Two thoughts piled on top of each other. The first—three thieves, the man dressed in black, the driver of the SUV, and the passenger.
Donatucci must have lost a step,
my inner voice said.
He said earlier that he didn’t know if there were more than two thieves.
The second thought I spoke out loud—“How do you know it was Tarpley?”

“He checked in at 4:00
P.M
, but there is no evidence of him checking out,” Donatucci said. “Only two other people knew the security codes, and they were both accounted for. No one has seen him since the theft was committed. Also, he knew the schedule of the guards. He made his move at the exact moment of a shift change. That’s why the guards that were supposed to be watching the monitors didn’t override the codes.”

Why bother with a mask, then?
my inner voice asked.

“Had he ever conducted security drills similar to this?” I asked.

“No,” Perrin said, “but our director of security had.”

“Where is the director of security?”

“On vacation in Africa.”

“Did you contact him?”

“Why?” Anderson said. “What can he do about it?”

“Have you contacted the police?”

“We are hoping that will be unnecessary,” Perrin said.

“The Lily was stolen last night, but you didn’t get a ransom call until eight this morning.

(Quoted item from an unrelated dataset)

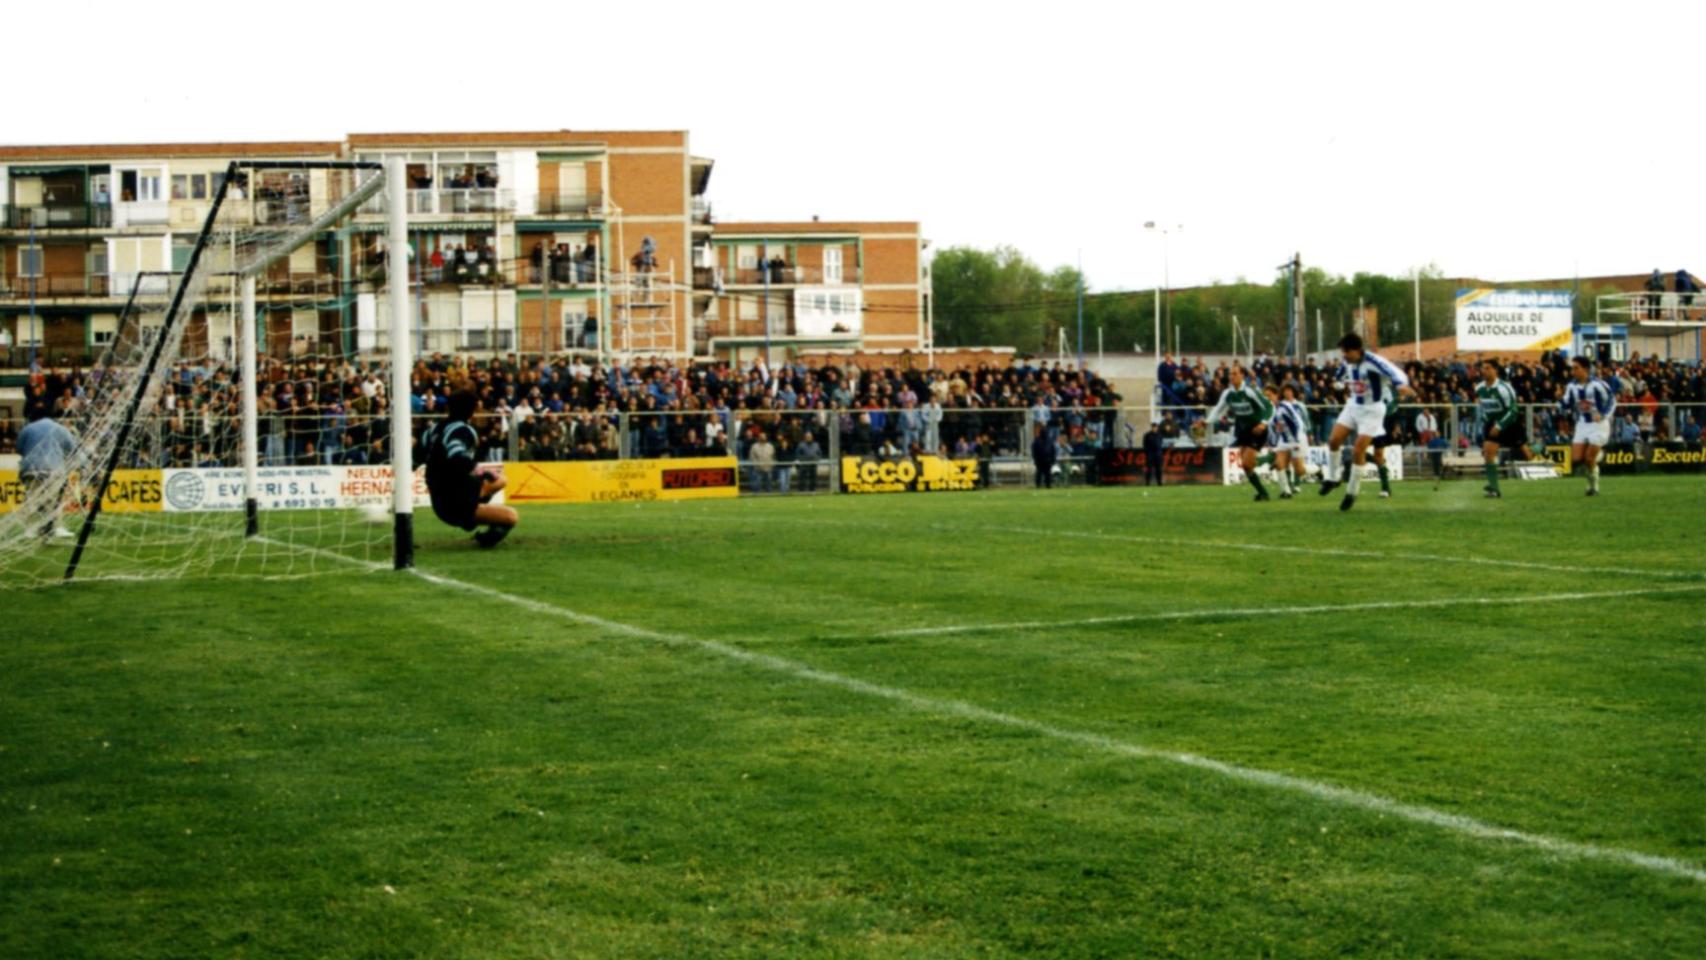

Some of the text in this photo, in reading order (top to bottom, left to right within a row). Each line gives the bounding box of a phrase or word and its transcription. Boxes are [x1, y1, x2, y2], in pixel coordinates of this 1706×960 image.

[1467, 312, 1544, 323] ALQUILER DE
[1468, 325, 1538, 336] AUTOCARES
[1112, 448, 1205, 468] Staford

You waited six hours without reporting the theft because you expected a call, didn’t you? Why were you expecting a call? Anybody?”

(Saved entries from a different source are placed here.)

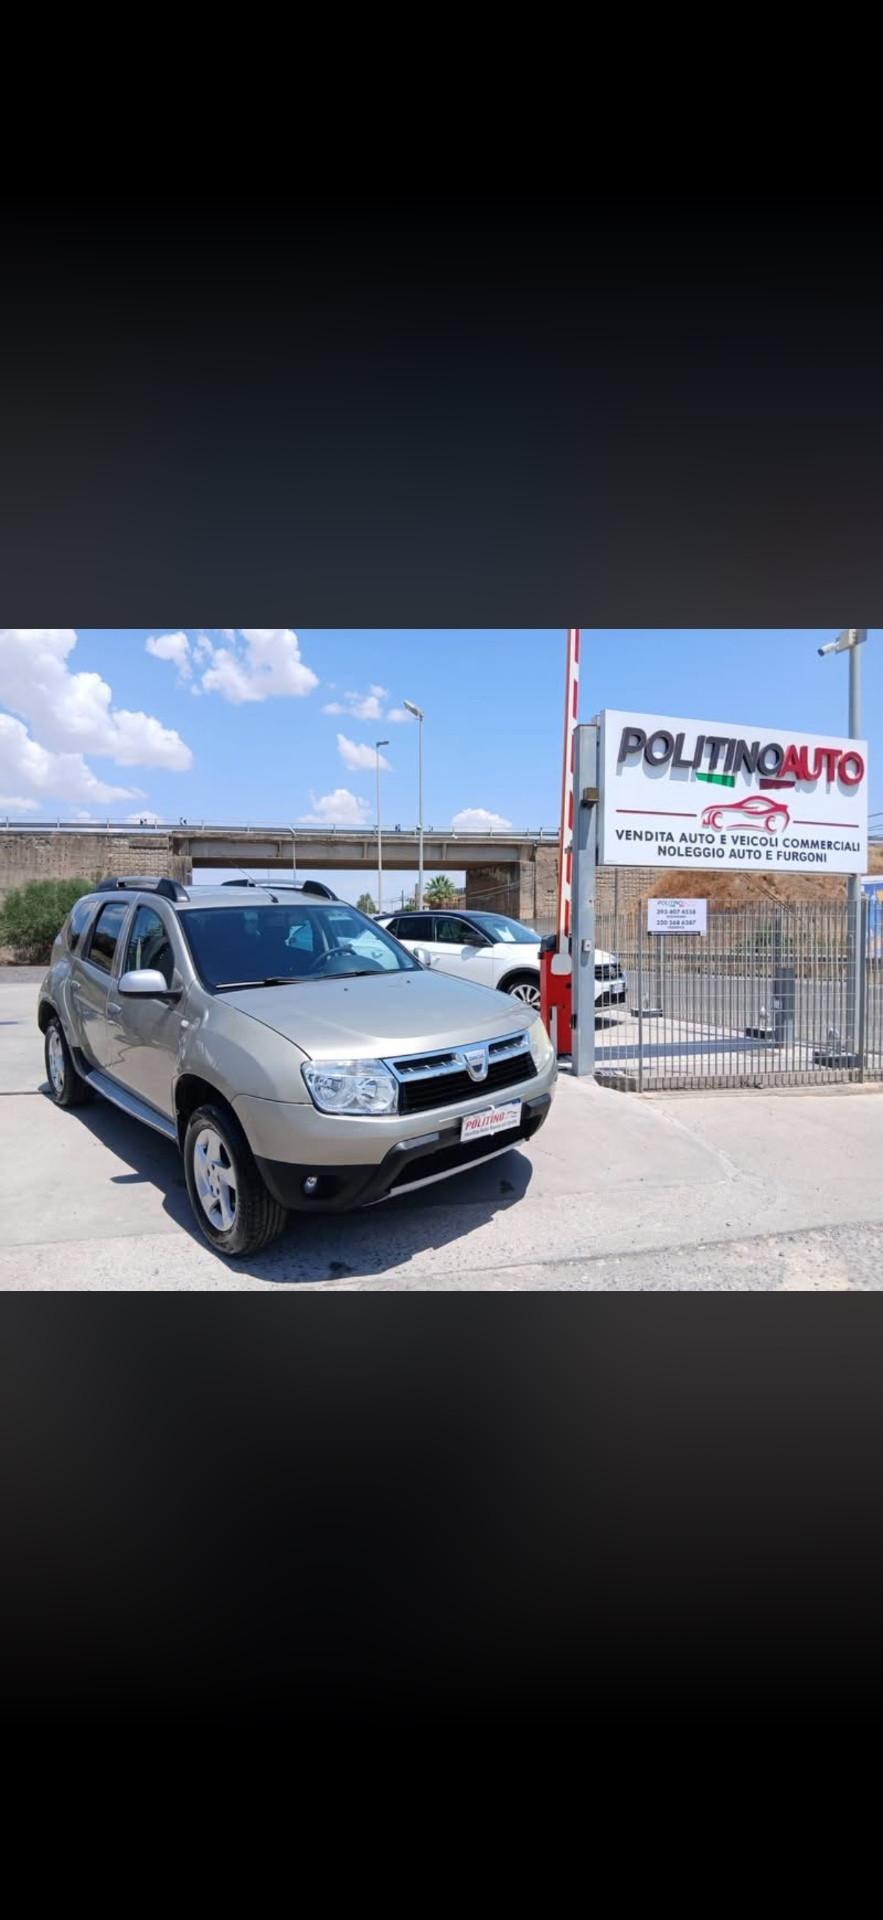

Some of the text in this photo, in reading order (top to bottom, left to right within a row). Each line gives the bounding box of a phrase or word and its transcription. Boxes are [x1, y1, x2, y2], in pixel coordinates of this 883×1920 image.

[616, 829, 860, 852] VENDITA AUTO E VEICOLI COMMERCIALI
[657, 845, 827, 863] NOLEGGIO AUTO E FURGONI
[465, 1112, 505, 1130] POLITINO
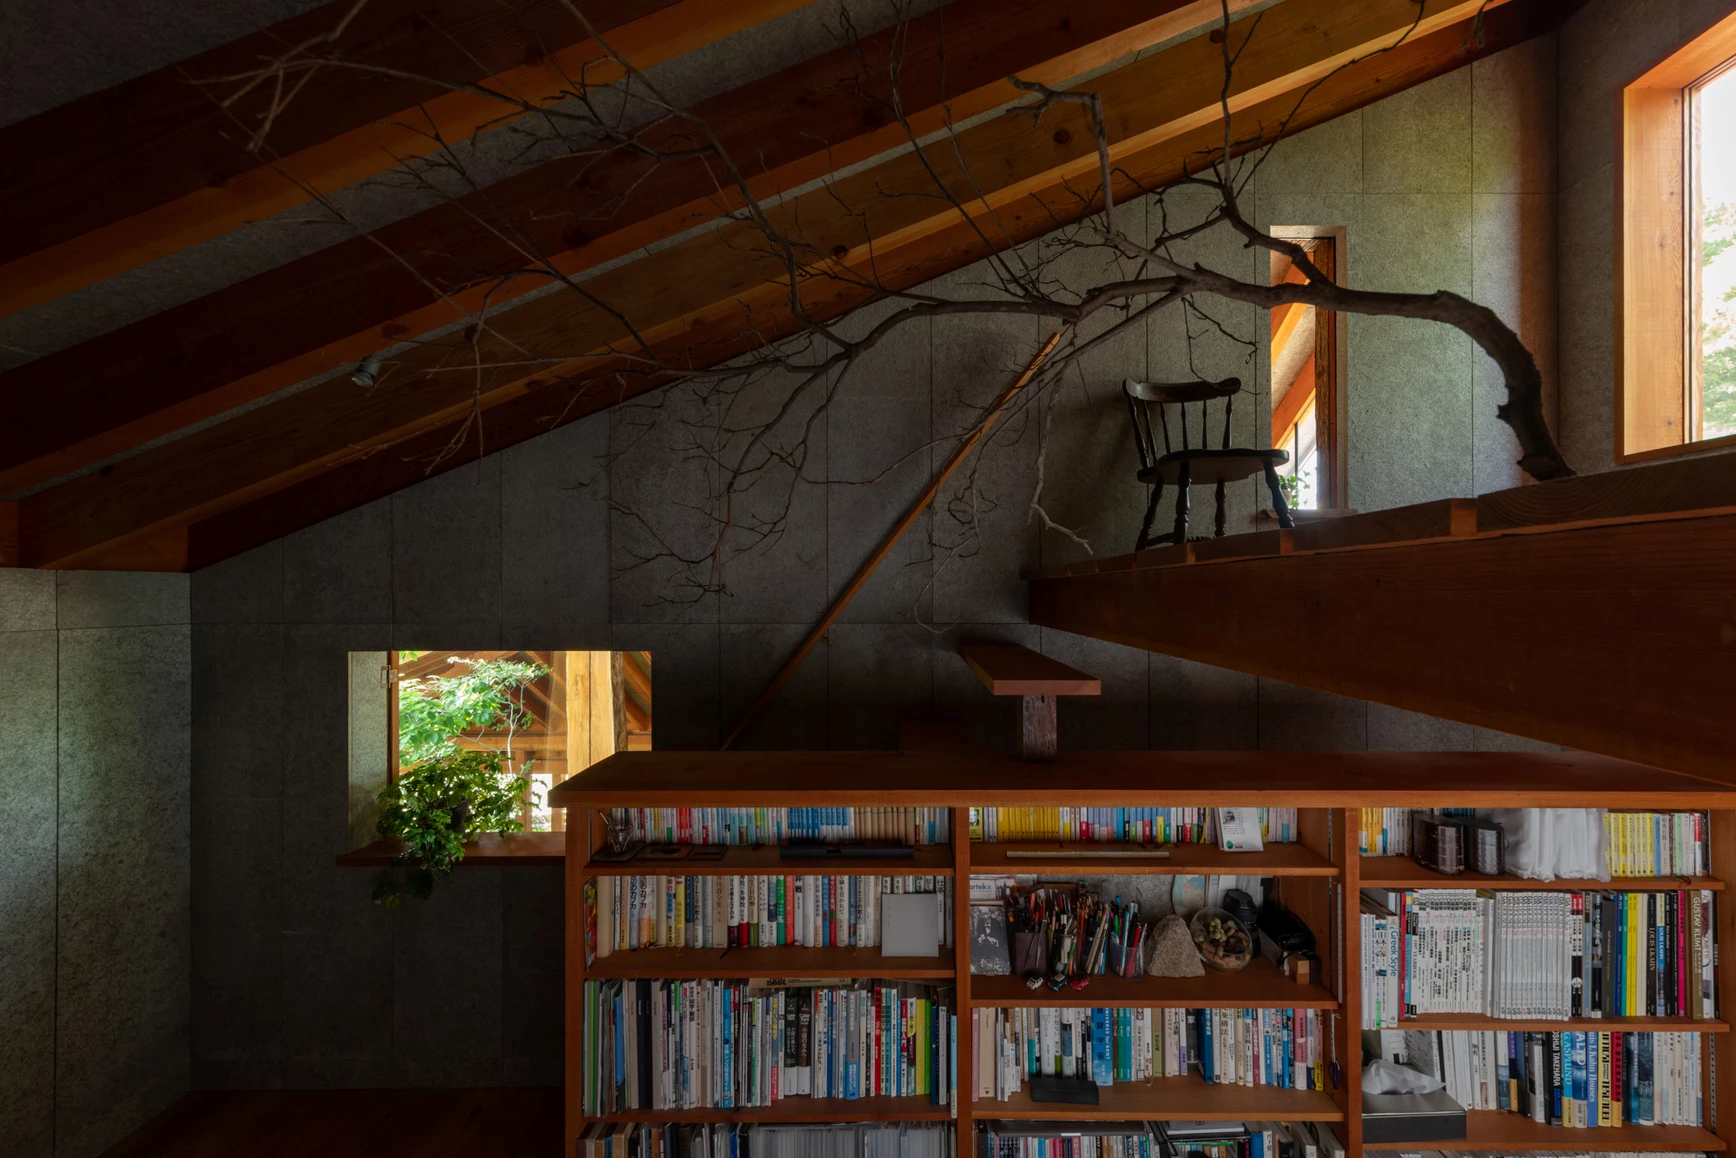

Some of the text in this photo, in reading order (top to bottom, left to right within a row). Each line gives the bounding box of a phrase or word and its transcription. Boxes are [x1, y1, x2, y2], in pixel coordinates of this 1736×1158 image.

[640, 875, 648, 909] 辺のカフカ
[1693, 897, 1702, 951] GUSTAV KLIMT
[1389, 931, 1399, 977] Greek Style
[1552, 1031, 1561, 1087] OSHIJI TAKEHARA
[1564, 1041, 1573, 1085] ASPLUND
[1576, 1032, 1587, 1066] ALTO
[1589, 1051, 1597, 1072] Kahn
[1589, 1073, 1597, 1103] Houses

Fiegen shifted uncomfortably in his chair. “That was my decision,” he said.

“This has happened before, hasn’t it?”

Neither Fiegen nor anyone else said yes. They didn’t say no, either.

I said, “The cops don’t like it when you neglect to report a major crime. They especially frown on it when you arrange to buy back stolen property.”

“Yet it’s done all the time,” Donatucci said softly, as if he didn’t care whether he was heard or not. “You said so yourself.”

“We prefer to deal with this quietly if at all possible,” Fiegen said.

“Trying to protect your reputation,” I said, repeating what he mentioned earlier.

Fiegen gently tugged at his hair just behind his right ear as if he were fingering an heirloom. “Some of the artwork we exhibit is on loan to the museum, like the Jade Lily,” he said. “In addition, there are the numerous traveling exhibits that we compete for. If word should leak that we are unreliable custodians…”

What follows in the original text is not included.